As we neared the waiting room I commented on how little impact Laurence Ashmore’s murder seemed to have made.
“What do you mean?”
“No one’s talking about it.”
“Yes. You’re right — it’s terrible, isn’t it. How hardened we get. Caught up in our own stuff.”
A few steps later she said, “I didn’t really know him — Ashmore. He kept to himself — kind of antisocial. Never attended a staff meeting, never RSVP’d to party invitations.”
“With those kinds of social skills, how’d he get any referrals?”
“He didn’t want referrals — didn’t do any clinical work. Pure research.”
“Lab rat?”
“Beady eyes and all. But I heard he was smart — knew his toxicology. So when Cassie started coming in with those respiratory things, I asked him to go over Chad’s chart.”
“You tell him why?”
“You mean that I was suspicious? No. I wanted him to go in with an open mind. I just asked him to look for anything out of the ordinary. He was very reluctant. Almost resentful — as if I was imposing. A couple of days later I got a phone message saying he hadn’t found anything. As in, don’t bug me again!”

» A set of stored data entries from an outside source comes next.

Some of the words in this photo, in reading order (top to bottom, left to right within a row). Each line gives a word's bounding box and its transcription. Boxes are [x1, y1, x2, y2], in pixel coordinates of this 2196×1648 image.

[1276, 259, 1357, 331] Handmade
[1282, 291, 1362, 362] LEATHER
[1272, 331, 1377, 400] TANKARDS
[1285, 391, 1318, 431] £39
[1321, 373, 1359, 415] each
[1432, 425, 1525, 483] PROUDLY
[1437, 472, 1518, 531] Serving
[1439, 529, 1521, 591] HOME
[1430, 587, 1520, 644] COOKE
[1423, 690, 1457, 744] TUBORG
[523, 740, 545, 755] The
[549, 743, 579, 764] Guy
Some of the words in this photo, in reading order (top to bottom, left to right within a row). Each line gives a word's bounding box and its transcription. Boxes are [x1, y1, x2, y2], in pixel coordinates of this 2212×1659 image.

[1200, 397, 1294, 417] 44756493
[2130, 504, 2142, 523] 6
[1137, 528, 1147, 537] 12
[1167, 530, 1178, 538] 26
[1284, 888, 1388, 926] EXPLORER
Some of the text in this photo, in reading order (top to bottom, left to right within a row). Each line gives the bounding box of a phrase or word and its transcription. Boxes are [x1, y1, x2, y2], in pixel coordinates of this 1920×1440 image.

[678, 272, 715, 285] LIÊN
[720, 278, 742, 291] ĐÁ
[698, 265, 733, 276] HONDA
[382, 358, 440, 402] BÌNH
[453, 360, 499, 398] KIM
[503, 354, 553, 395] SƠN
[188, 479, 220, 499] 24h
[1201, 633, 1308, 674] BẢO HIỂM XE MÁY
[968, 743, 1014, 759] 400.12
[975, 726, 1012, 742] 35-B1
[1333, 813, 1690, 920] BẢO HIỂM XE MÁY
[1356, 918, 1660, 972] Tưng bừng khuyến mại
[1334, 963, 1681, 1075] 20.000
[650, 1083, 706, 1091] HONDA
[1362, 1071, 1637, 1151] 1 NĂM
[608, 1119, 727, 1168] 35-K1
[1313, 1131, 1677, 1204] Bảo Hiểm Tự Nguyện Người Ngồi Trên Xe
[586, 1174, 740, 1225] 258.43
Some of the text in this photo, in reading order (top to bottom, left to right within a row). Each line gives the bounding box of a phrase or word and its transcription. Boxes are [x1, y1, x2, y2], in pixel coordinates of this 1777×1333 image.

“How’d he pay his way? Grants?”
“I assume.”
“I thought the hospital was discouraging them — didn’t want to pay overhead.”
“I don’t know,” she said. “Maybe he brought in his own overhead.”
She frowned. “No matter what his social skills, what happened to him is horrible. There was a time, no matter how ugly things got out on the street, if you wore a white coat, or a steth around your neck, you were safe. Now that’s all broken down. Sometimes it feels as if everything’s breaking down.”